(Collected data)
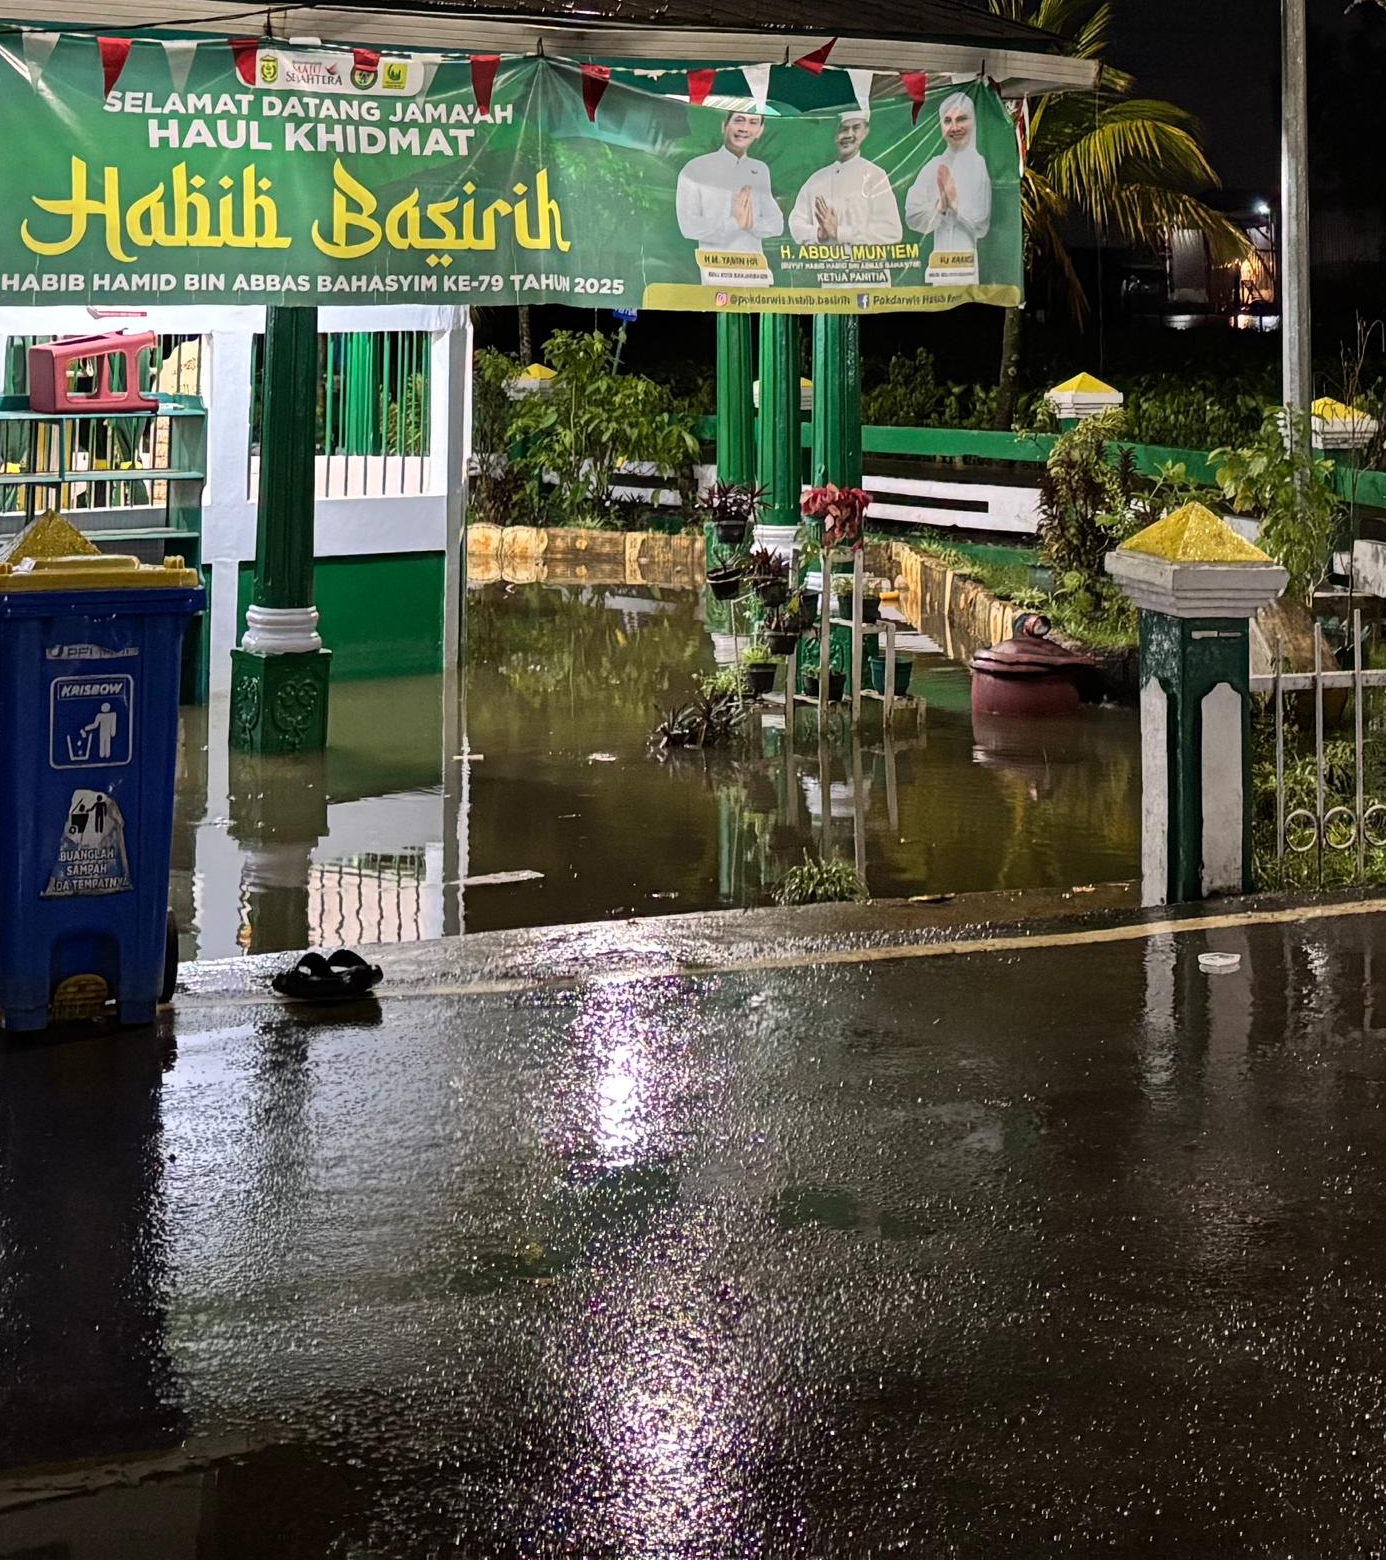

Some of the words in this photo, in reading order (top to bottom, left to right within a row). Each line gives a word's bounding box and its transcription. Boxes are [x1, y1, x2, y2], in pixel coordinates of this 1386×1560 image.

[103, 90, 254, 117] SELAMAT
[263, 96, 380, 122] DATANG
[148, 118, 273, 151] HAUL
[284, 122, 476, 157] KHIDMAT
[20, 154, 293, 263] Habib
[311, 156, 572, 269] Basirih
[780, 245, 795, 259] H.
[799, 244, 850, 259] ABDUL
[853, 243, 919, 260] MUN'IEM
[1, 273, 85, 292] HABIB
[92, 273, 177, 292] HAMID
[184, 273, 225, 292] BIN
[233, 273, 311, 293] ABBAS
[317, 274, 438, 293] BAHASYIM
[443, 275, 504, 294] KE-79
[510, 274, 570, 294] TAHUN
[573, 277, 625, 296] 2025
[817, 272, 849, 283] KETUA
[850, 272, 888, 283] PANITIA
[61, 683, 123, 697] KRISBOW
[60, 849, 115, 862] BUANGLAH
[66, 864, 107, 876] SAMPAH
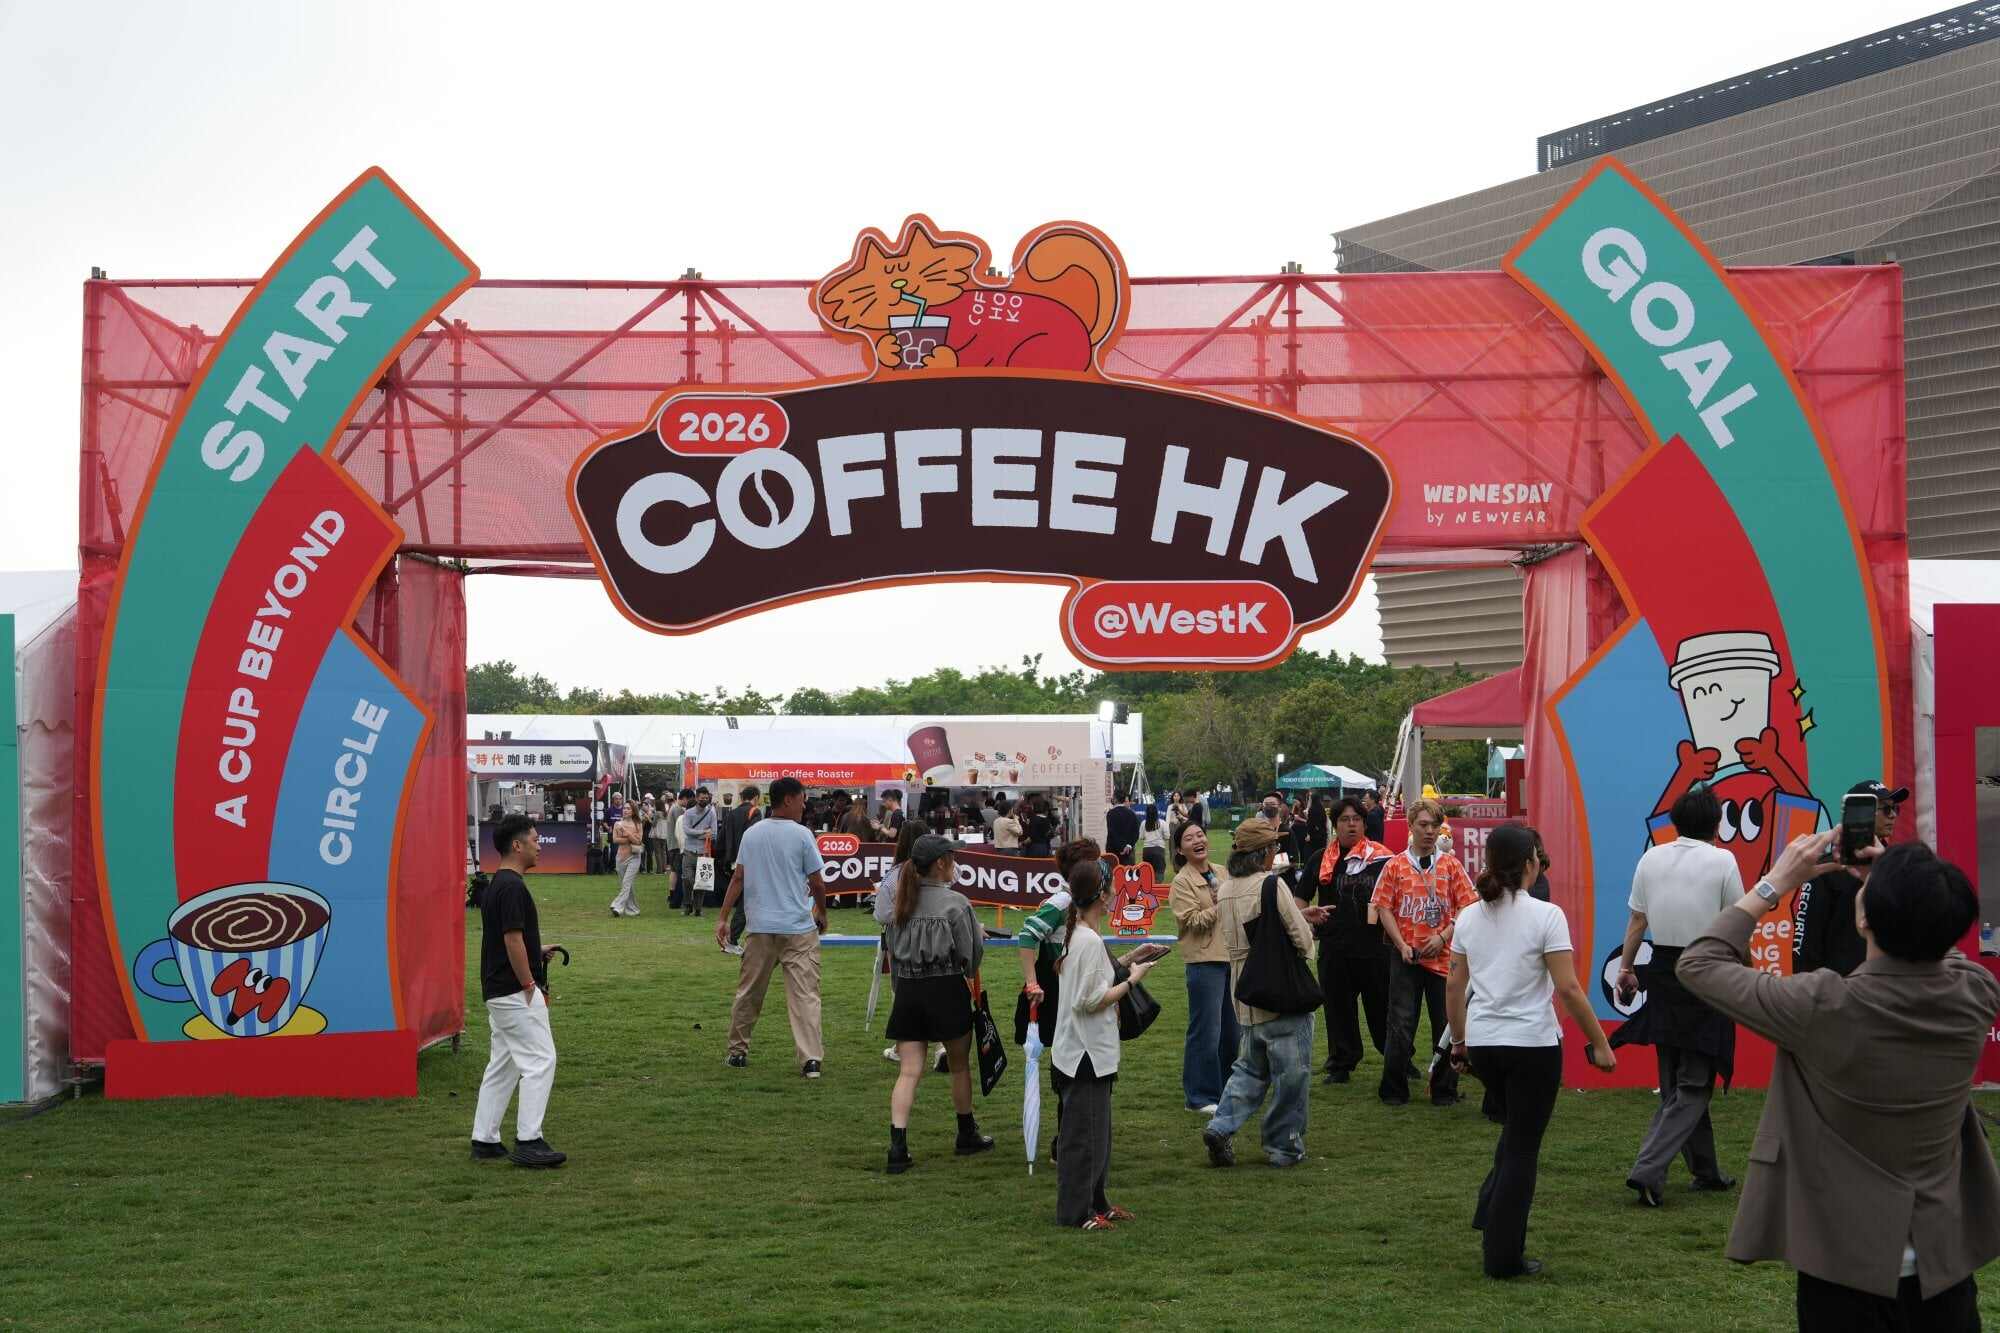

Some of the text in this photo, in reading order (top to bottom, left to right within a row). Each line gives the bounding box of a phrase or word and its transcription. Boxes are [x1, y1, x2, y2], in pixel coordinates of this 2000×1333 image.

# REQUIREMENT
If pictures appear among the records, do not carry them over; retype the rest exactly.

# WRITTEN RESPONSE
Some of the words in this photo, in reading order (top to bottom, left to right within a row). Each line gives a word's bounding box and its transcription. Boxes are [x1, y1, x2, y2], in pixel coordinates of this 1386×1560 image.

[103, 90, 254, 117] SELAMAT
[263, 96, 380, 122] DATANG
[148, 118, 273, 151] HAUL
[284, 122, 476, 157] KHIDMAT
[20, 154, 293, 263] Habib
[311, 156, 572, 269] Basirih
[780, 245, 795, 259] H.
[799, 244, 850, 259] ABDUL
[853, 243, 919, 260] MUN'IEM
[1, 273, 85, 292] HABIB
[92, 273, 177, 292] HAMID
[184, 273, 225, 292] BIN
[233, 273, 311, 293] ABBAS
[317, 274, 438, 293] BAHASYIM
[443, 275, 504, 294] KE-79
[510, 274, 570, 294] TAHUN
[573, 277, 625, 296] 2025
[817, 272, 849, 283] KETUA
[850, 272, 888, 283] PANITIA
[61, 683, 123, 697] KRISBOW
[60, 849, 115, 862] BUANGLAH
[66, 864, 107, 876] SAMPAH

Some of the text in this photo, in reading order (top to bottom, left to right within a row). Each line gives the bounding box of a phrase or word and its transcription. Boxes are [x1, y1, x2, y2], in pixel coordinates of this 2000×1333 image.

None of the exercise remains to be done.